▸ Image-backed grounding data
|---|

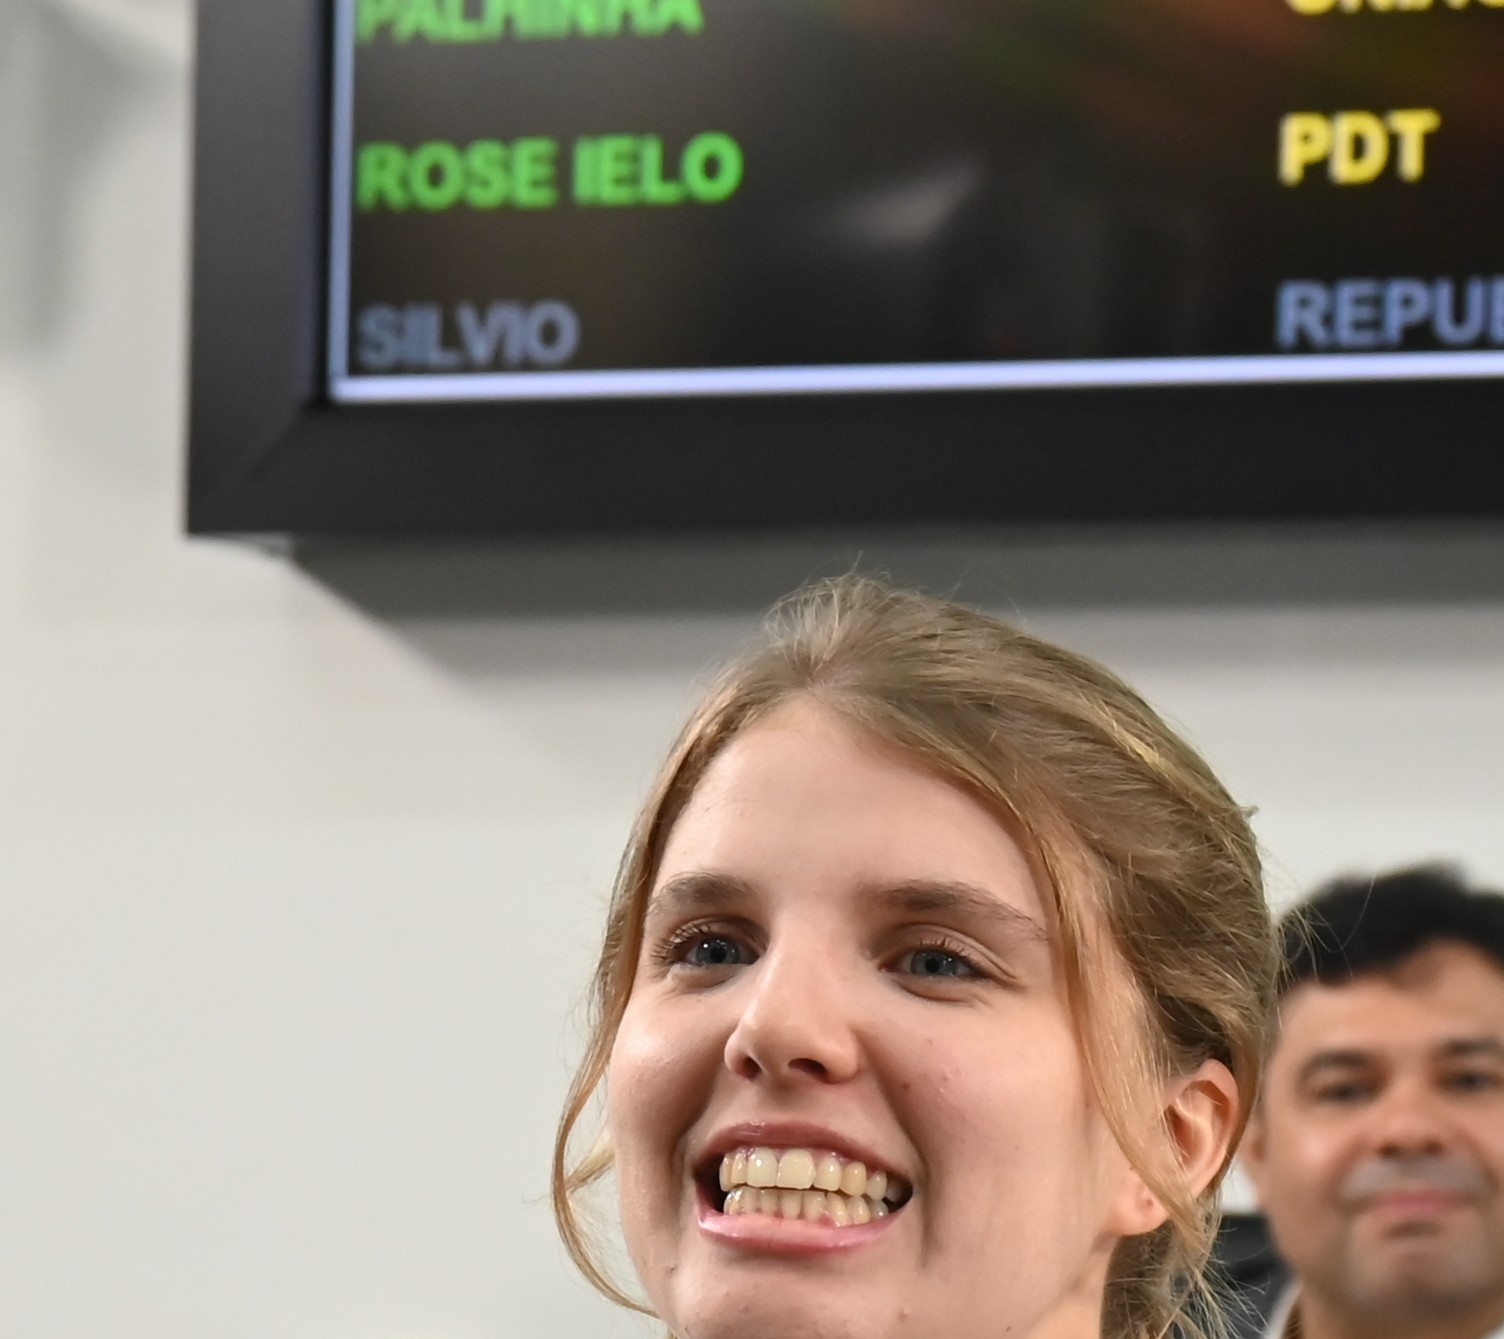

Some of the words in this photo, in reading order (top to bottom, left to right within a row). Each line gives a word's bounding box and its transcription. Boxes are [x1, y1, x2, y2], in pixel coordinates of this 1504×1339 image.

[355, 137, 559, 213] ROSE
[572, 131, 745, 206] IELO
[1278, 107, 1442, 187] PDT
[355, 300, 583, 368] SILVIO
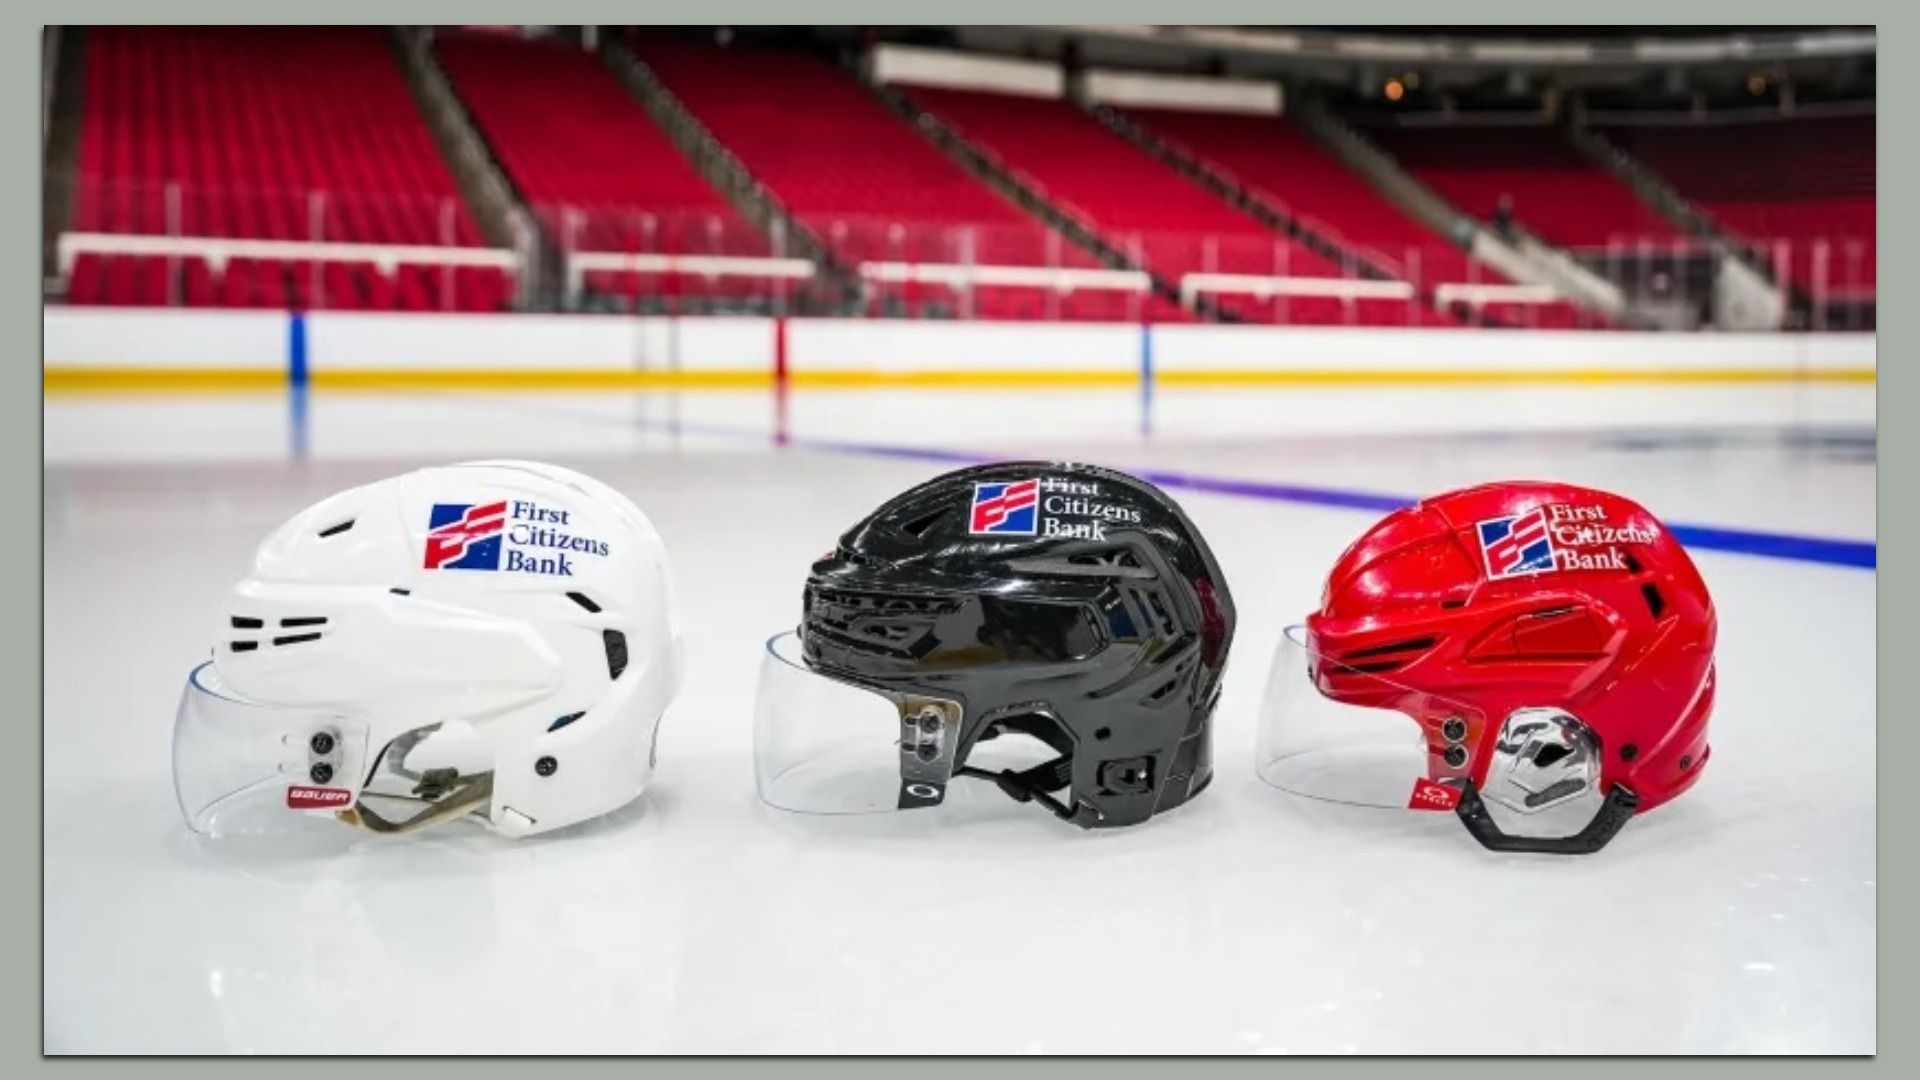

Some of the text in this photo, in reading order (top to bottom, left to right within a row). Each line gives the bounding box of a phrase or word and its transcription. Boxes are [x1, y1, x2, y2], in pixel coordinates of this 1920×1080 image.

|---|

▸ Task requirements
Please repeat the records above exactly, omitting any pictures they contain.

▸ Response to the exercise
Some of the words in this photo, in reading order (top to bottom, left to right within a row). Each line gives a word's bounding box and its transcription. Boxes are [x1, y1, x2, y2], in pixel coordinates of this 1504×1339 image.

[355, 137, 559, 213] ROSE
[572, 131, 745, 206] IELO
[1278, 107, 1442, 187] PDT
[355, 300, 583, 368] SILVIO

Some of the text in this photo, in reading order (top to bottom, left to right within a row). Each line gives the bounding box of a phrase or word and its transcription. Boxes are [x1, y1, x2, y2], in pixel coordinates of this 1920×1080 image.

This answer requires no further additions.